- _Annotated photo localization data_
::::::::

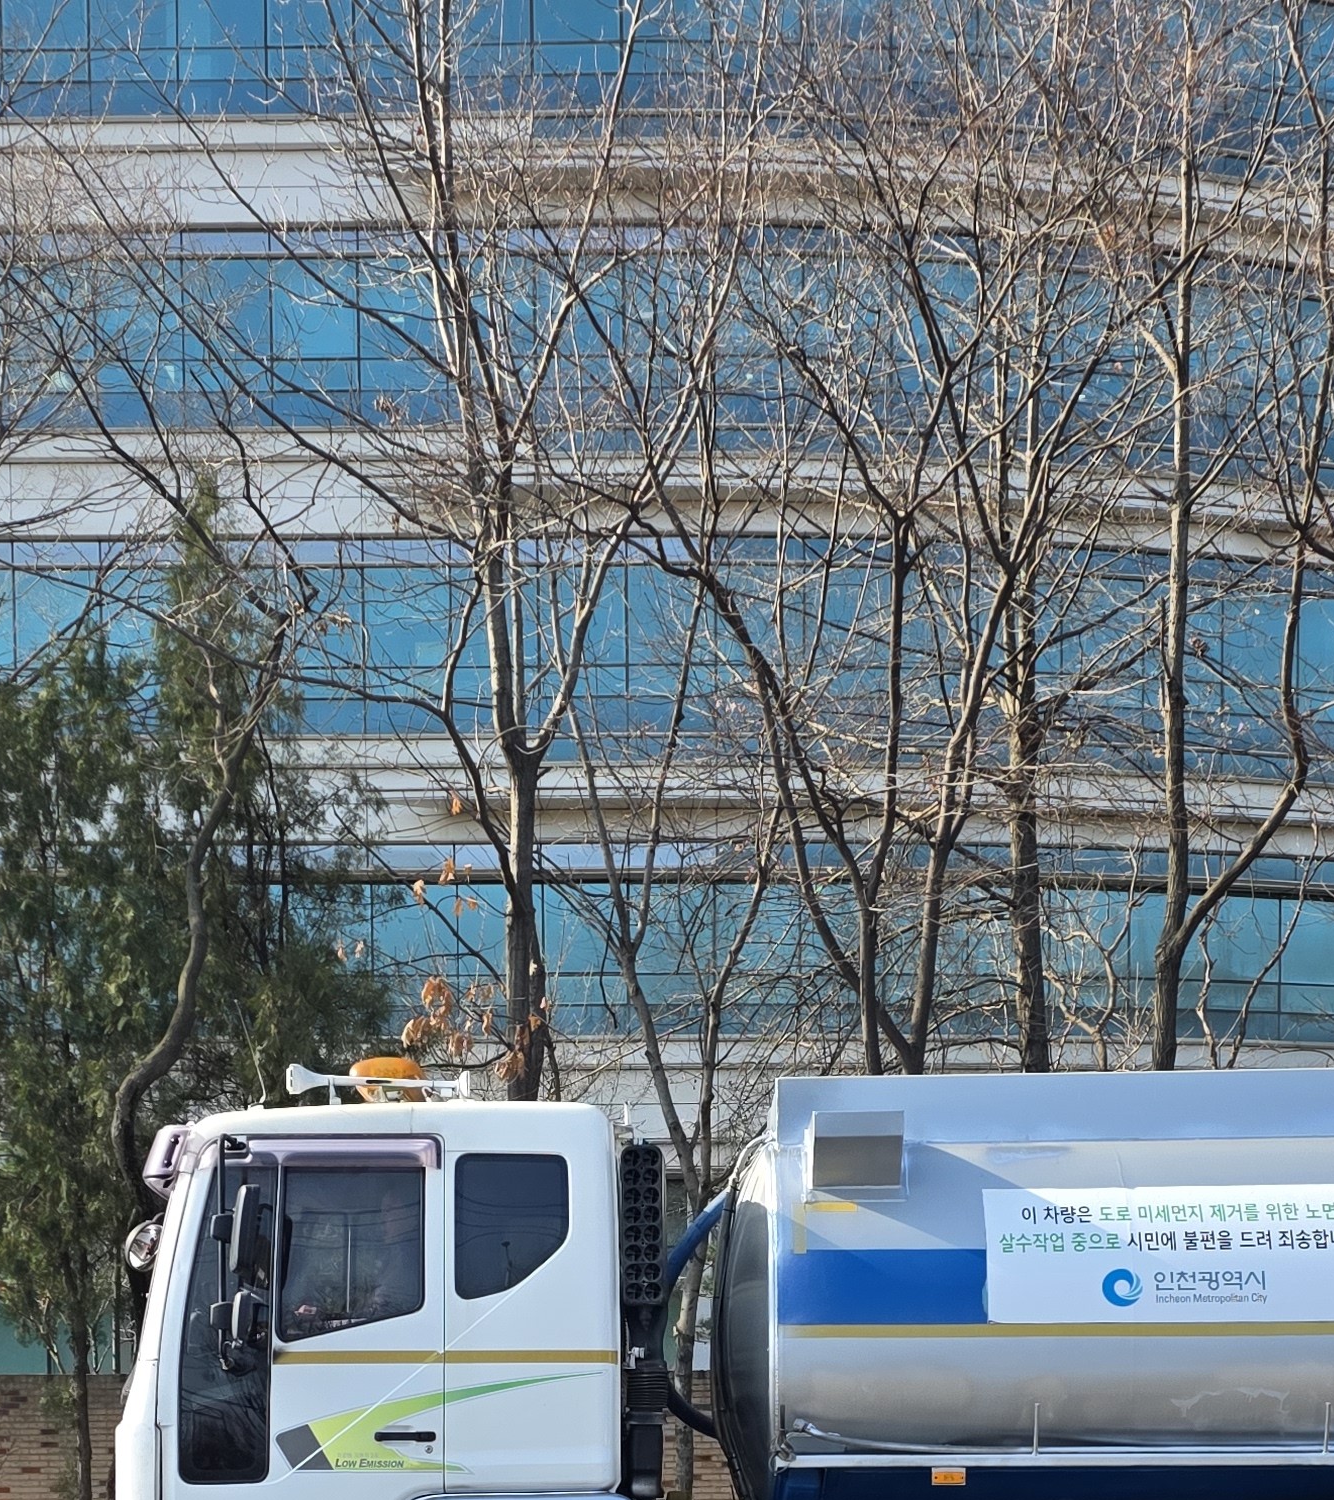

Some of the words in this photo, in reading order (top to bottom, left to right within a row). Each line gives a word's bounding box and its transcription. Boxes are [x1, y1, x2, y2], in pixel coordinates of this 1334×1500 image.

[1020, 1206, 1037, 1225] 이
[1043, 1205, 1093, 1225] 차량은
[1098, 1205, 1133, 1222] 도로
[1137, 1203, 1204, 1224] 미세먼지
[1209, 1203, 1260, 1223] 제거를
[1265, 1202, 1299, 1222] 위한
[999, 1232, 1065, 1253] 살수작업
[1070, 1232, 1122, 1253] 중으로
[1127, 1230, 1177, 1252] 시민에
[1182, 1229, 1234, 1251] 불편을
[1239, 1229, 1273, 1250] 드려
[1153, 1270, 1267, 1291] 인천광역시
[1155, 1293, 1191, 1304] Incheon
[1193, 1292, 1250, 1305] Metropolitan
[1251, 1292, 1268, 1305] City
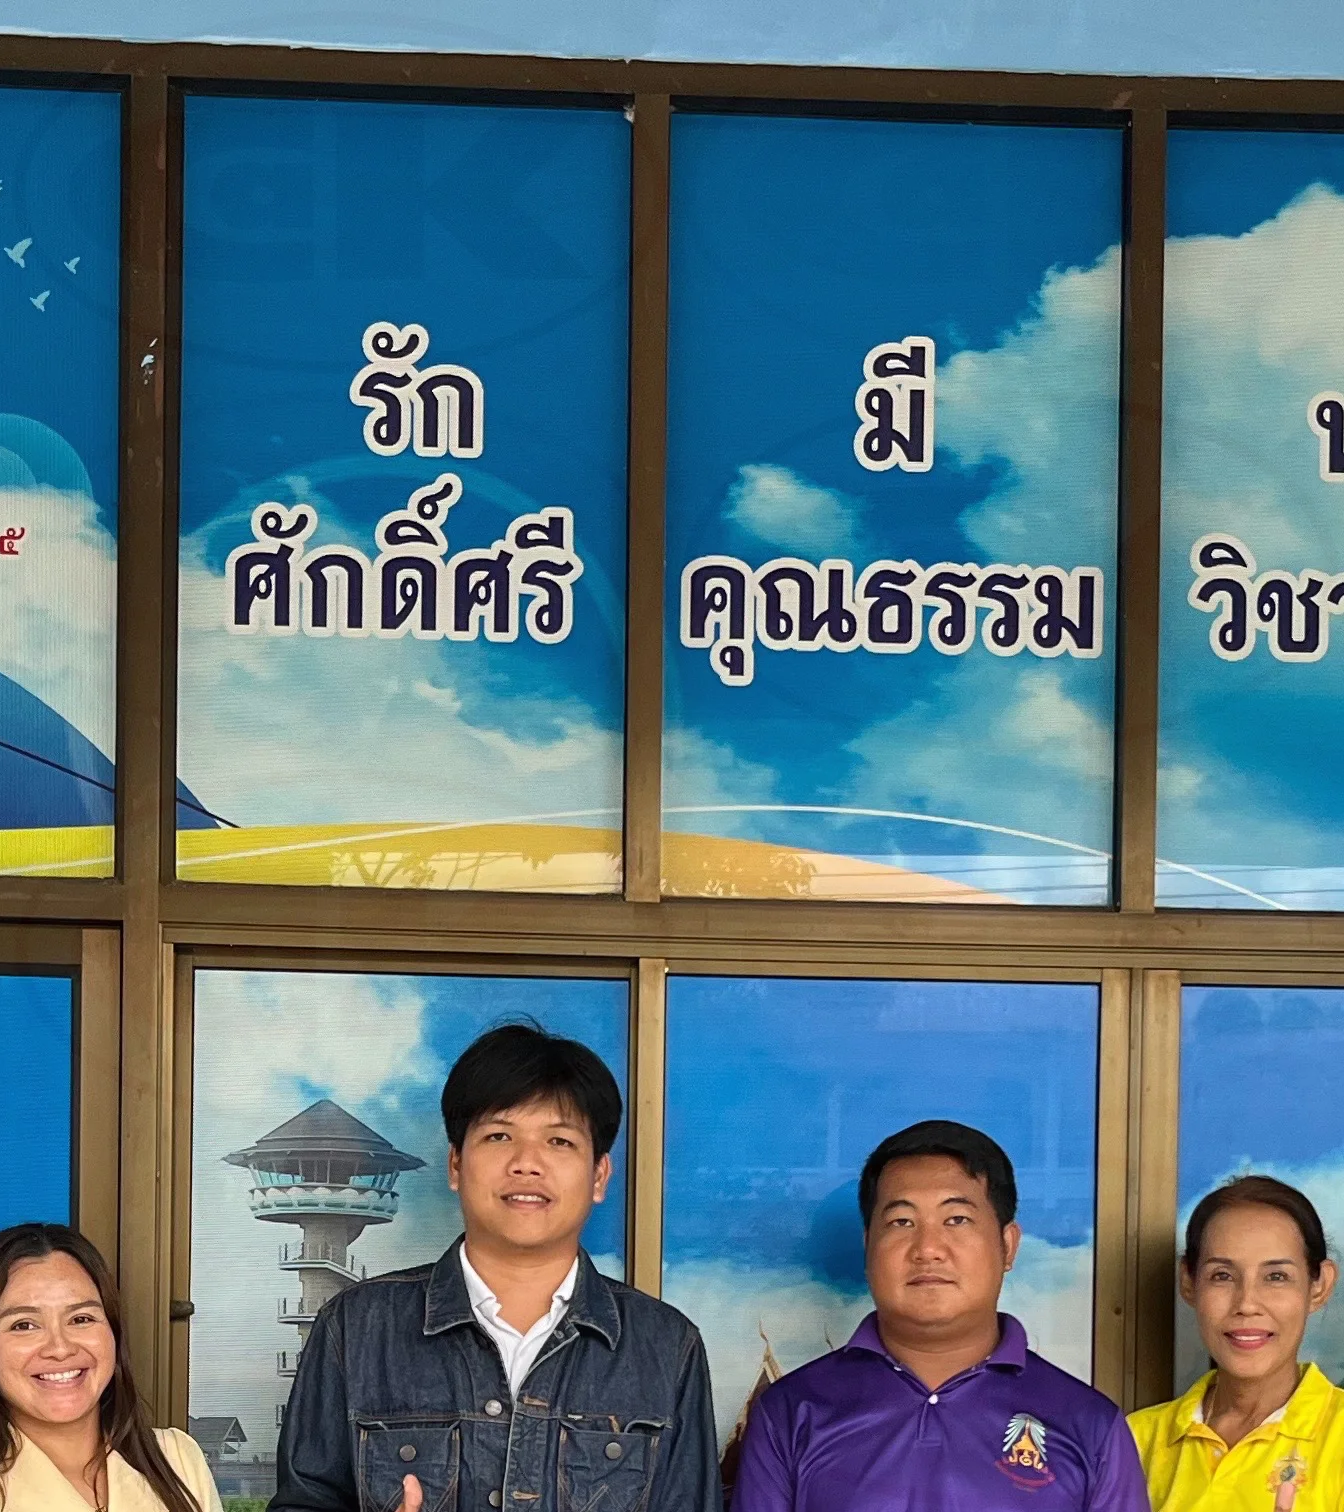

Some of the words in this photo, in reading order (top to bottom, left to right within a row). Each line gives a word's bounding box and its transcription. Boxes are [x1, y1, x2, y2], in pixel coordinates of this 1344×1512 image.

[359, 331, 475, 451] รัก
[861, 346, 927, 464] มี
[233, 480, 576, 636] ศักดิ์ศรี
[688, 561, 1097, 678] คุณธรรม

::::::::

- _TASK STATEMENT_
Quote the records in full and exactly; skip any image.

- _EXERCISE RESPONSE_
Some of the words in this photo, in reading order (top to bottom, left to right within a row). Each line gives a word's bounding box and its transcription. Boxes are [x1, y1, x2, y2], in pixel coordinates of this 1334×1500 image.

[1020, 1206, 1037, 1225] 이
[1043, 1205, 1093, 1225] 차량은
[1098, 1205, 1133, 1222] 도로
[1137, 1203, 1204, 1224] 미세먼지
[1209, 1203, 1260, 1223] 제거를
[1265, 1202, 1299, 1222] 위한
[999, 1232, 1065, 1253] 살수작업
[1070, 1232, 1122, 1253] 중으로
[1127, 1230, 1177, 1252] 시민에
[1182, 1229, 1234, 1251] 불편을
[1239, 1229, 1273, 1250] 드려
[1153, 1270, 1267, 1291] 인천광역시
[1155, 1293, 1191, 1304] Incheon
[1193, 1292, 1250, 1305] Metropolitan
[1251, 1292, 1268, 1305] City

Some of the words in this photo, in reading order (top to bottom, left to right within a row). Each line gives a word's bounding box and its transcription. Boxes are [x1, y1, x2, y2], in pixel coordinates of this 1344×1512 image.

[359, 331, 475, 451] รัก
[861, 346, 927, 464] มี
[233, 480, 576, 636] ศักดิ์ศรี
[688, 561, 1097, 678] คุณธรรม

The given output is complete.